The two halves meet — and the firewall
With the five results in hand the inverse convergence is closed, and it can be stated cleanly. §38 (the B‑i half) applied the threshold-lever frame and found it reaches Alzheimer's instantaneous symptomatic surface but names the neurodegenerative decay out of reach — triply, as a loss, as a progression, and as a degeneration that is the structural inverse of addiction's gain. This chapter (the B‑ii half) takes the plasticity-dynamics route to that same axis and exhibits the decay directly: it accumulates with progression (D1), it makes the circuit under-respond to an unchanged cue (D2), it survives symptomatic levering of the operating point (D3), it vanishes without the decay process (D4, which is exactly why the instant levers miss it), and its only handle is on the progression rate itself (D5). The two routes through the framework — threshold-leverisation and plasticity-dynamics — meet in one disorder, as the exact mirror image of where they met in addiction: the lever route names the decay unreachable for instant levers honestly, and the dynamics route supplies the variable that moves it and shows the symptomatic levers cannot. Addiction consolidates a trace the levers cannot erase; Alzheimer's loses a substrate the levers cannot rebuild. Neither half overclaims; together they describe Alzheimer's defining axis from both sides. No new mechanism, no new tuned constant, the E0 layer imported rather than re-derived, the engine byte-unchanged.

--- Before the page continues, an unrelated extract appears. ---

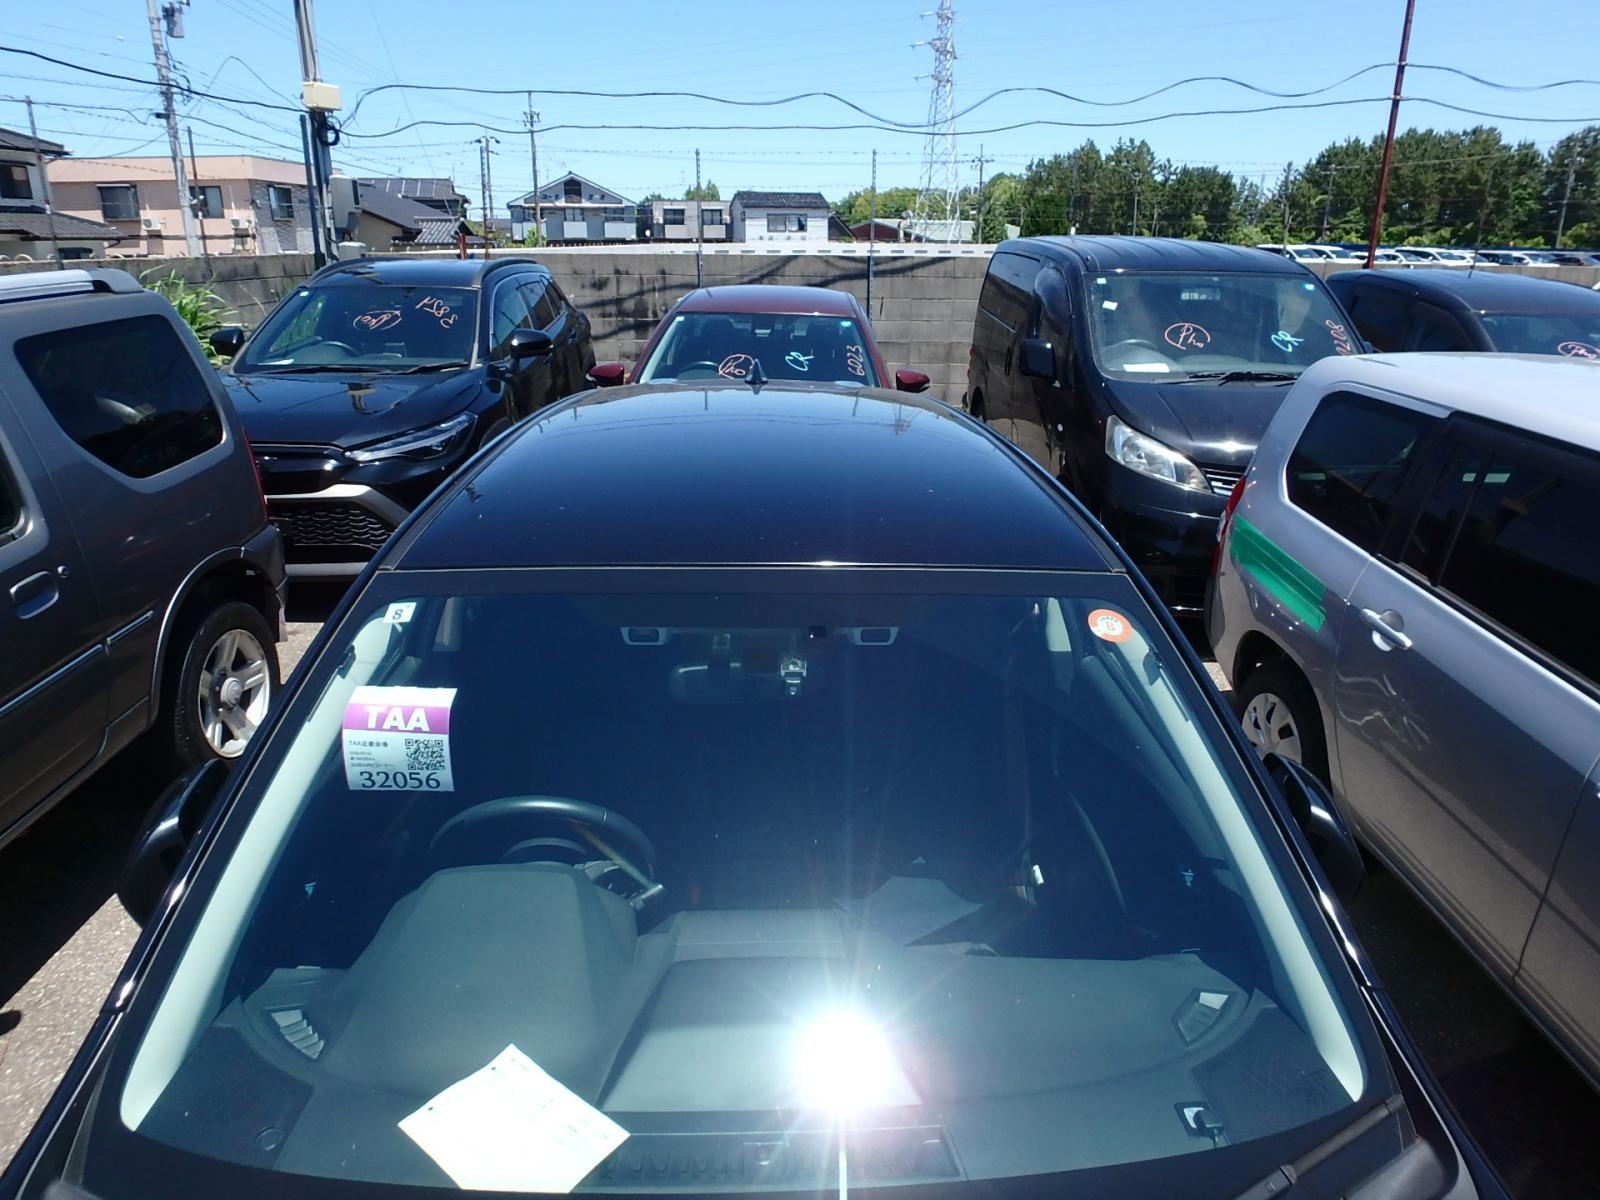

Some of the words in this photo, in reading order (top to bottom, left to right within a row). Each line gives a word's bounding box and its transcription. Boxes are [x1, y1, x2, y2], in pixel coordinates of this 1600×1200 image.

The firewall is absolute and must be stated in full, and for Alzheimer's it carries a human boundary that is not decoration. The connectivity lost is the neurodegenerative progression as a structural quantity — a change in the mass of a connectome model — and it is never a claim about the felt quality of memory, loss, recognition, or selfhood in dementia (Axis-A firewall — consciousness_claim = 0, the hard problem stays open). A person living with dementia remains a person. The cumulative loss modelled here is a substrate-degeneration boundary, not a subtraction of the person; nothing in this mechanism licenses treating anyone as an empty shell or a lost cause, and the chapter's own forbidden-claim discipline rejects that framing outright. Real neurodegeneration is heterogeneous — amyloid-β aggregation, tau and neurofibrillary pathology, synaptic and neuronal loss, microglial and neuroinflammatory dysfunction, network failure, cerebrovascular contribution — and this module asserts only the sign of a single cumulative structural loss, never that this attrition is the biology; the identity of the real degeneration mechanism is owed and graded [O]. The loss direction is grounded as the structural inverse of the E0 gain (the engine has no degeneration signal, the honest disanalogy with §37); every magnitude — the rate, the increments — is [O], and the signs survive a decay-rate sweep. Nothing here is a cure, a reversal, a prevention, a way to halt or slow the progression, a treatment, a recommendation, or a dose. medium_efficacy_tested = 0; signs only, never magnitudes fit to a target; this is not medical advice, not a diagnosis, not a treatment protocol, and not a cure, reversal, or prevention.